Marco Odermatt im Sprung.
Marco Odermatt fuhr in der Laubernhornabfahrt in einer eigenen Liga.
AFP/FABRICE COFFRINI

Wengen – Marco Odermatt hat seine Konkurrenten im alpinen Ski-Weltcup zu Statisten degradiert und erstmals die klassische Lauberhornabfahrt in Wengen gewonnen. Nach Platz zwei am Vortag im Super-G hinter Cyprien Sarazzin drehte der Schweizer den Spieß um und distanzierte den Franzosen um 0,59 Sekunden. Aleksander Aamodt Kilde stürzte am Samstag und dürfte sich schwer verletzt haben. Bester von nur vier Österreichern war Vincent Kriechmayr als Fünfter (+2,49).

Otmar Striedinger fuhr auf den zwölften Rang (+3,09), Daniel Danklmaier wurde 17. (+4,12). Stefan Babinsky stürzte in der Anfahrt zum Brüggli-S. Die ÖSV-Mannschaft wartet somit weiterhin auf den ersten Podestplatz in diesem Weltcup-Winter. In der kommenden Woche stehen in Kitzbühel zwei Abfahrten auf dem Programm.
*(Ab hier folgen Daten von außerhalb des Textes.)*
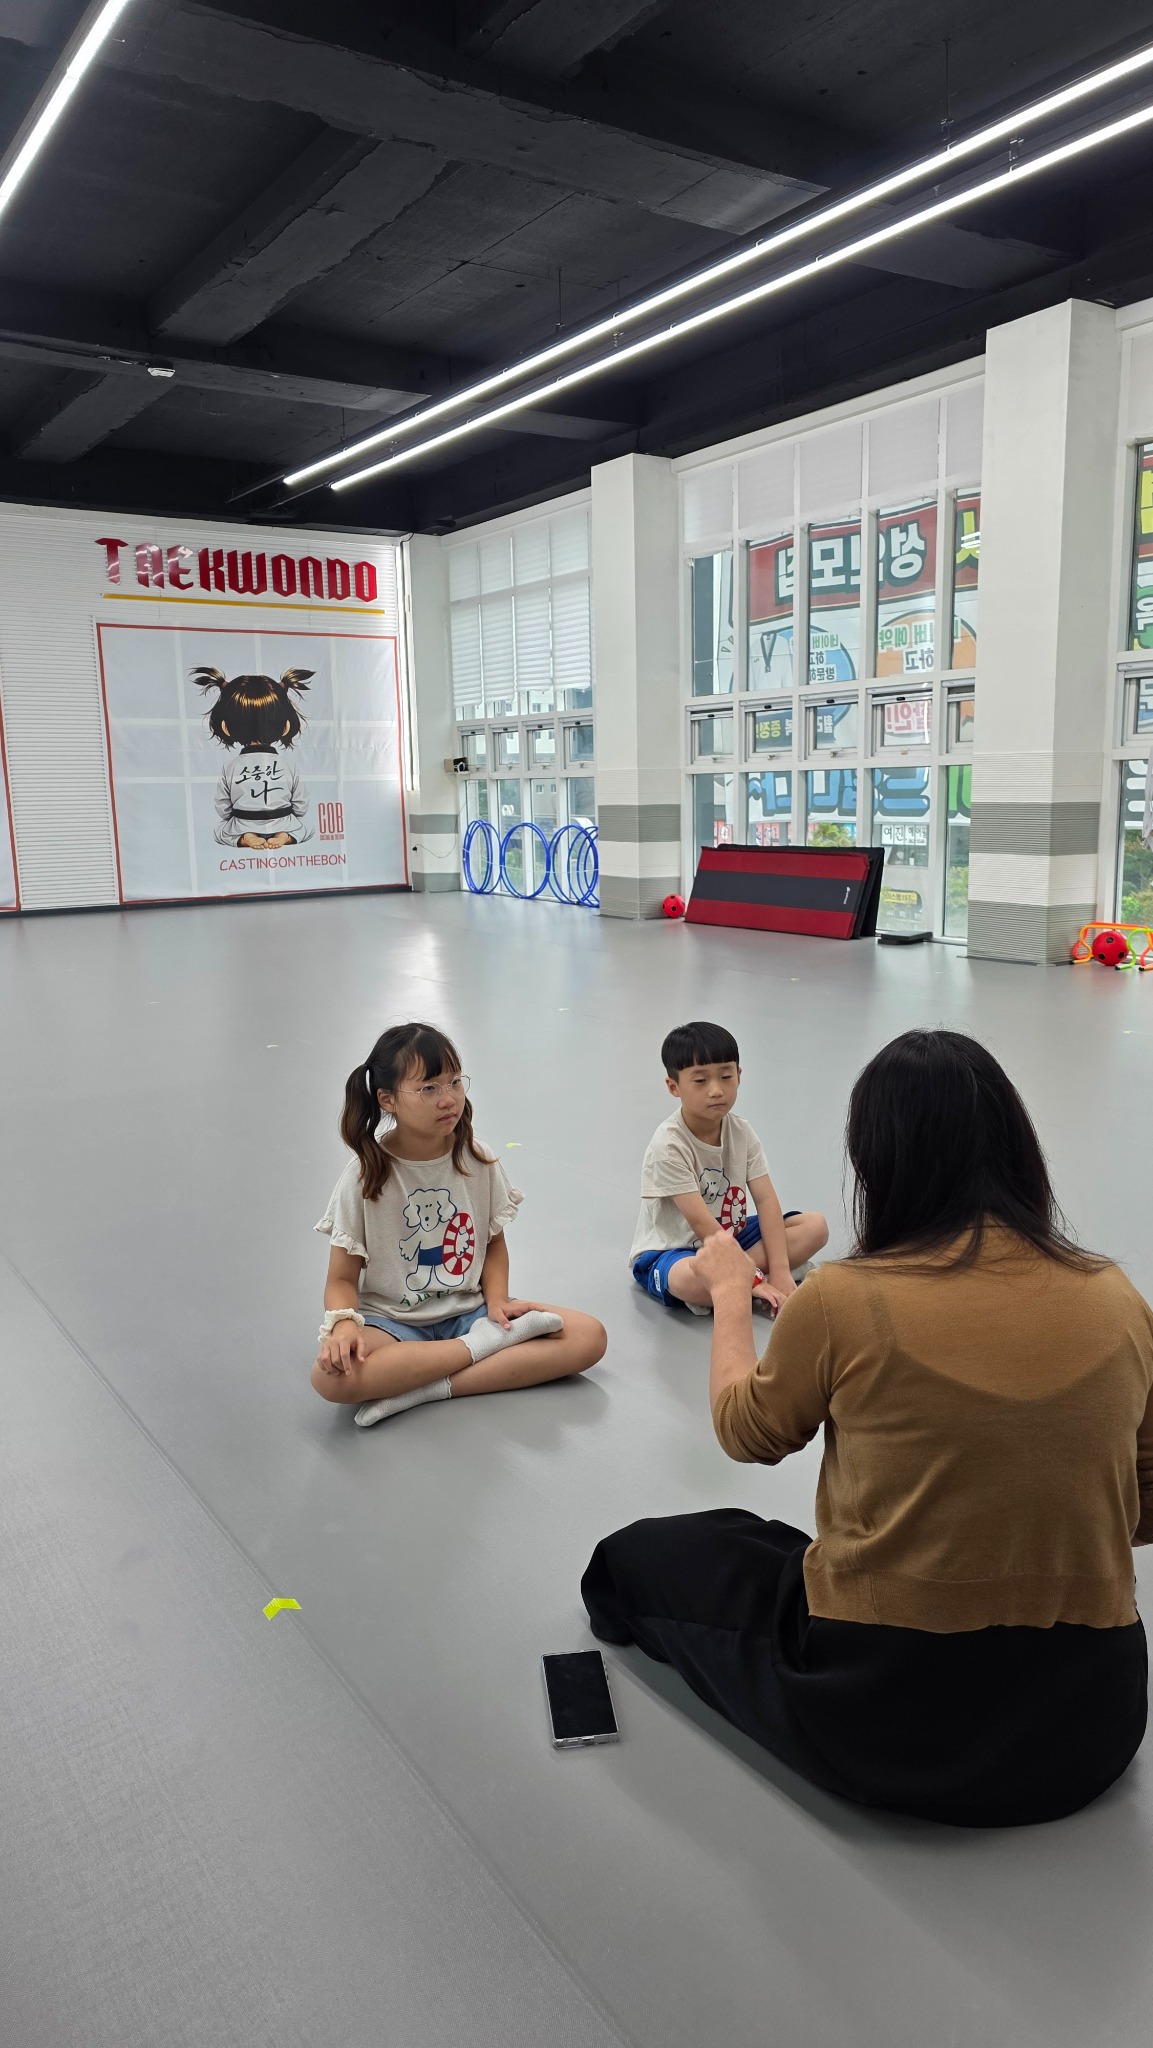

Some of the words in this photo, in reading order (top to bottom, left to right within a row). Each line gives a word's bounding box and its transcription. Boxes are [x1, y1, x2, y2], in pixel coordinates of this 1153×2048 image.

Odermatt mit perfekter Fahrt

Odermatt zog mit Startnummer 8 eine phänomenale Fahrt in den Schnee. Sarrazin war direkt nach ihm im oberen Abschnitt bis zu Canadian Corner und Kernen-S sogar noch schneller, ab dem Mittelteil fuhr der Schweizer jedoch wie von allen irdischen Maßstäben befreit. Bei Sarrazin ließ dagegen die Kraft nach. Der drittplatzierte Südtiroler Dominik Paris hatte bereits 1,92 Sek. Rückstand. "Es war schon perfekt. Ich glaube, ich war überall wieder am Limit", sagte Odermatt im ORF-Fernsehen. "Ich wusste sehr schnell, dass das schwierig zu schlagen sein wird."

Marco Odermatt jubelt.
Marco Odermatt fuhr überragend, seine ausgelassene Freude war aber nur von kurzer Dauer.
AP/Alessandro Trovati

Seinen ersten Abfahrtssieg im Weltcup hatte Odermatt schon vor zwei Tagen in Wengen gefeiert. Da dies jedoch der Ersatz für das abgesagte Rennen in Beaver Creek war, galt es nicht als Lauberhorn-Sieg. Auch der Super-G, den Odermatt vor zwei Jahren gewonnen hatte, war ein Ersatzrennen. Nun wird der 26-Jährige endlich auf der Tafel des Siegersteins verewigt, der im Dorfkern von Wengen liegt.

Kilde abtransportiert

Der etwas kränkelnde Kilde war mit Startnummer 11 an der Reihe. Der Norweger verlor am Ende der längsten Strecke im Ski-Weltcup die Kontrolle und krachte in der Zielkurve ins Sicherheitsnetz. Das Rennen war danach fast eine halbe Stunde lang unterbrochen. Kilde war zwar bei Bewusstsein, musste aber wie am Vortag Alexis Pinturault mit dem Rettungshubschrauber abtransportiert worden. Der Lauberhorn-Sieger von 2022 und 2023 dürfte sich eine schwere Beinverletzung zugezogen haben, laut ORF-Informationen einen offenen Unterschenkelbruch.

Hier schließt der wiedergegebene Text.